Articles
UK tightens laws on AI-generated sexual deepfakes — what organisations need to know
This is not a “big tech only” problem. Any UK organisation that develops, deploys, hosts, integrates or permits the use of AI tools — internal systems, customer‑facing products, workplace software or third‑party AI embedded in business processes — must act now.
What changed and why it matters
- The new offence targets creation, not just distribution. That closes a legal gap that previously left some AI‑generated intimate images in a grey area if they were not shared.

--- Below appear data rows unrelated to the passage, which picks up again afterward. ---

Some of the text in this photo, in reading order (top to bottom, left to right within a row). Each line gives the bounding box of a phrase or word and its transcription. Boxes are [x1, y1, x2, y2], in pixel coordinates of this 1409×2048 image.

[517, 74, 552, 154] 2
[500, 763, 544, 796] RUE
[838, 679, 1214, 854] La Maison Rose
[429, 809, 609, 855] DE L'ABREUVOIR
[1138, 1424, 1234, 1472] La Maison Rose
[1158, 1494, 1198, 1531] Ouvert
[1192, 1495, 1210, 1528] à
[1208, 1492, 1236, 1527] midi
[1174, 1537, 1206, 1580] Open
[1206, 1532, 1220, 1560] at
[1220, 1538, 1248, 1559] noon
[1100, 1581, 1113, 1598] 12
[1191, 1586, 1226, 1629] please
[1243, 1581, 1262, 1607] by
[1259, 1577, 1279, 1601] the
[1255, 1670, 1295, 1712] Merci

- The government is also moving to criminalise “nudification” apps through the Crime and Policing Bill, targeting tools designed to produce non‑consensual intimate images at source.

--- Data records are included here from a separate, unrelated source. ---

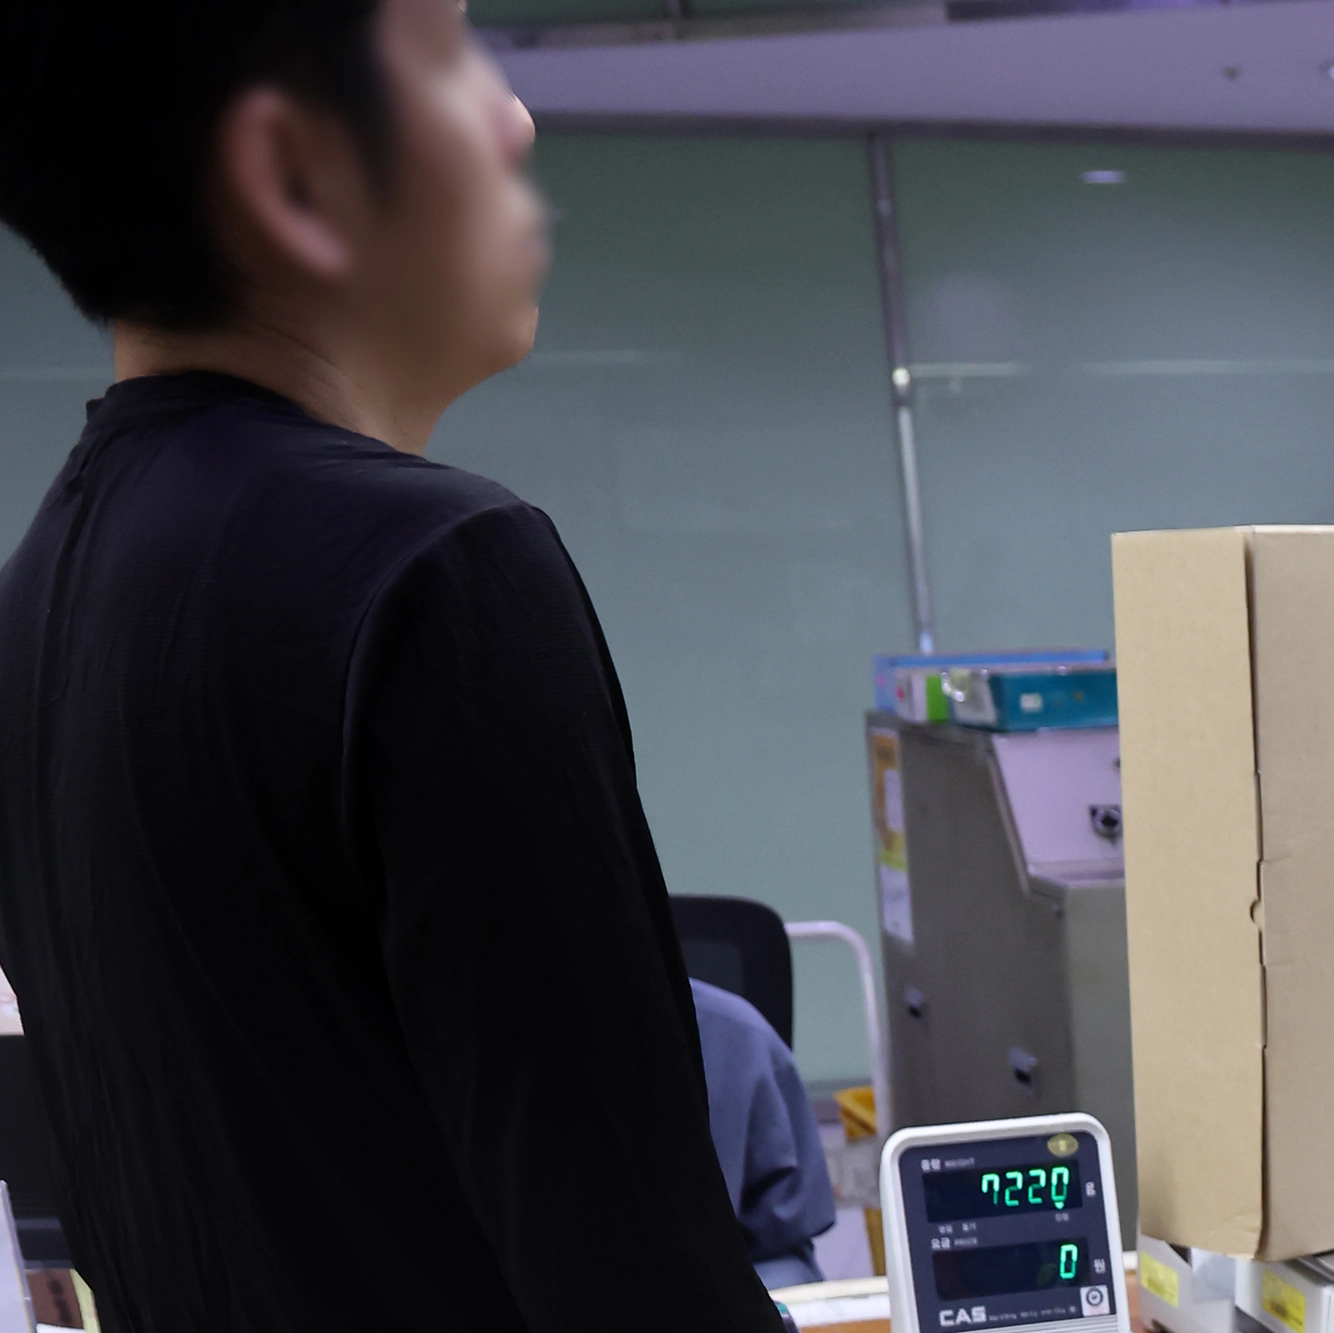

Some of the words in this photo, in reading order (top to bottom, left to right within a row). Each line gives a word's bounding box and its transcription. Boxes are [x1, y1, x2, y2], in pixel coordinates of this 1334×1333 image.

[981, 1166, 1069, 1206] 7220
[1060, 1244, 1078, 1279] 0
[939, 1307, 987, 1327] CAS
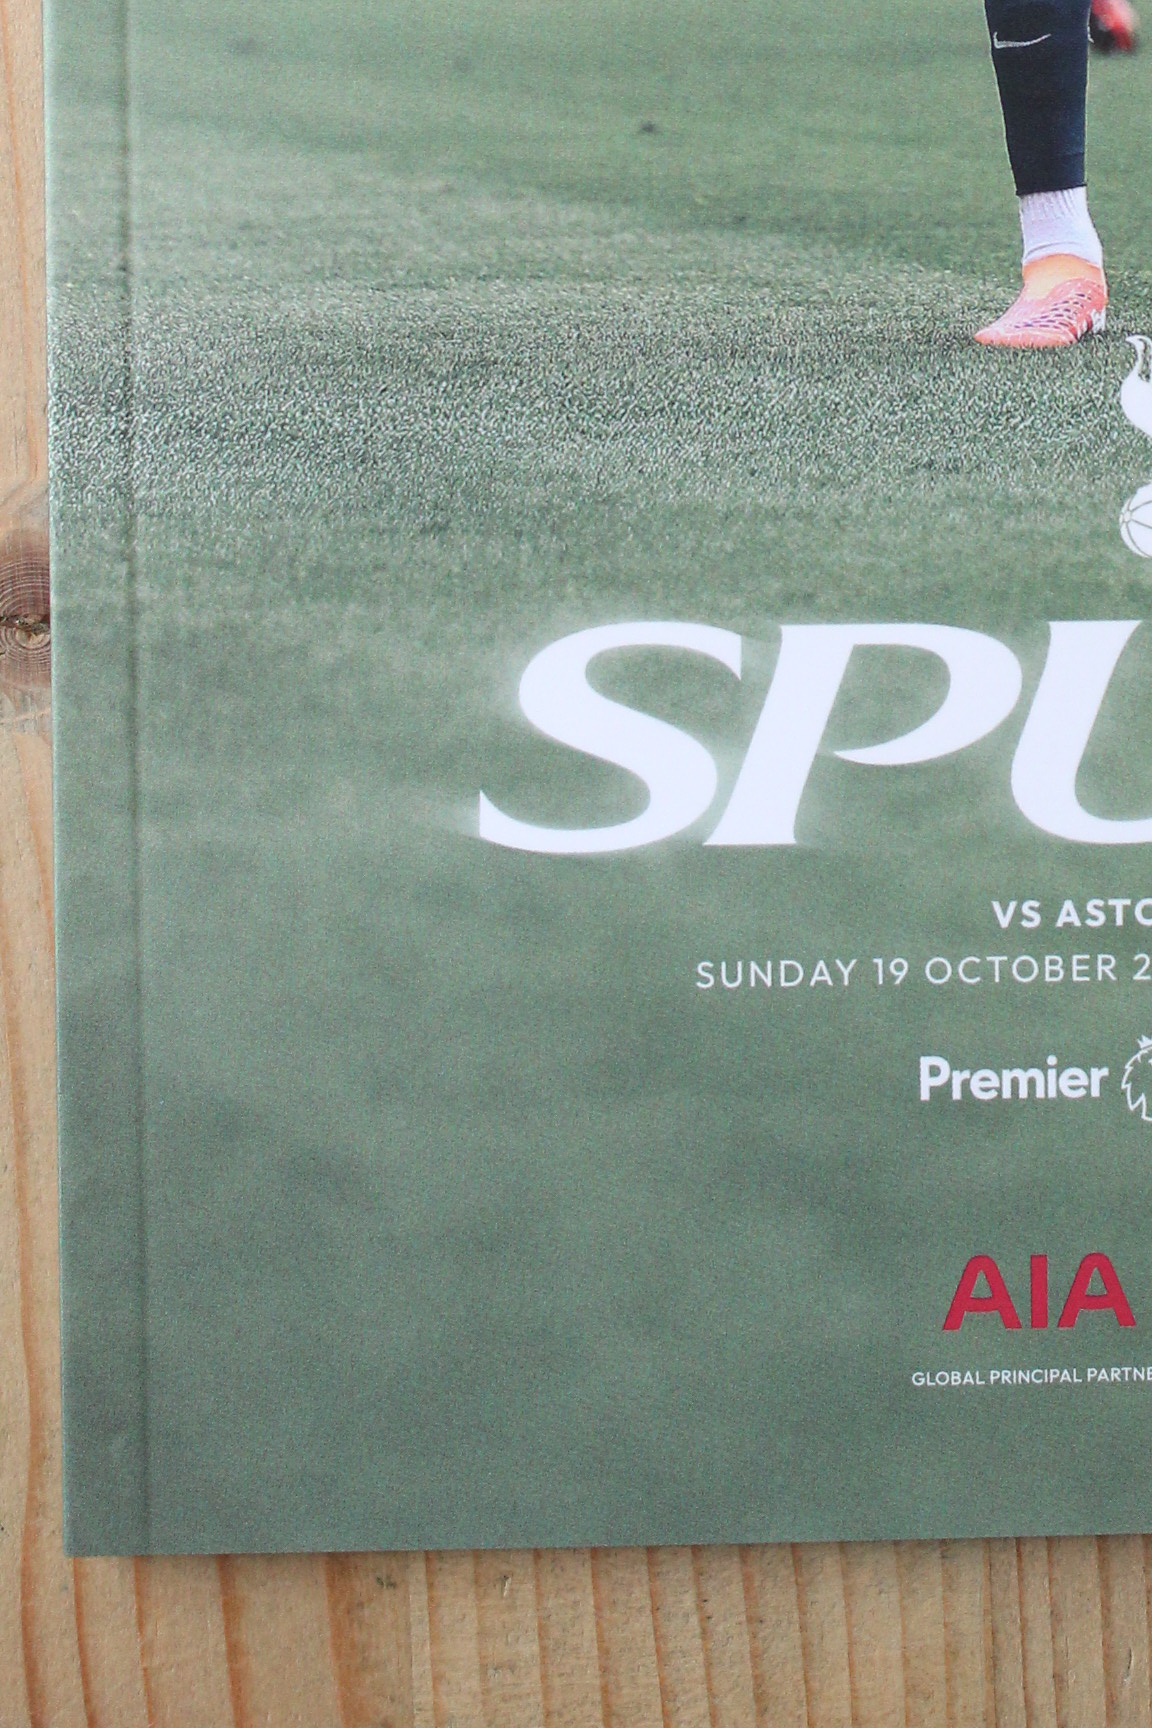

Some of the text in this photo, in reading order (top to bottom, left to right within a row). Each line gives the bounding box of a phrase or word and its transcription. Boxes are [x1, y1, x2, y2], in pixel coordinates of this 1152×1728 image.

[990, 899, 1042, 929] VS
[695, 957, 858, 990] SUNDAY
[872, 957, 909, 985] 19
[924, 953, 1118, 985] OCTOBER
[919, 1054, 1110, 1101] Premier
[943, 1252, 1136, 1331] AIA
[911, 1371, 985, 1387] GLOBAL
[989, 1368, 1083, 1385] PRINCIPAL

- Regulators have strong enforcement powers under the Online Safety Act, including fines of up to 10% of global turnover and, in extreme cases, blocking access in the UK. Ofcom is already investigating reported incidents involving AI tools.
How this affects UK organisations These changes intersect with several regulatory regimes you already know:
- Online Safety Act: platforms and services must prevent illegal content proactively.
- UK GDPR / DUAA: using personal data to train or prompt AI engages controller obligations and now carries criminal risk where non‑consensual intimate images are created.
- Criminal law: individuals and organisations can be prosecuted where AI tools facilitate illegal conduct.
- Corporate governance: failure to assess foreseeable misuse creates regulatory, reputational and litigation risk.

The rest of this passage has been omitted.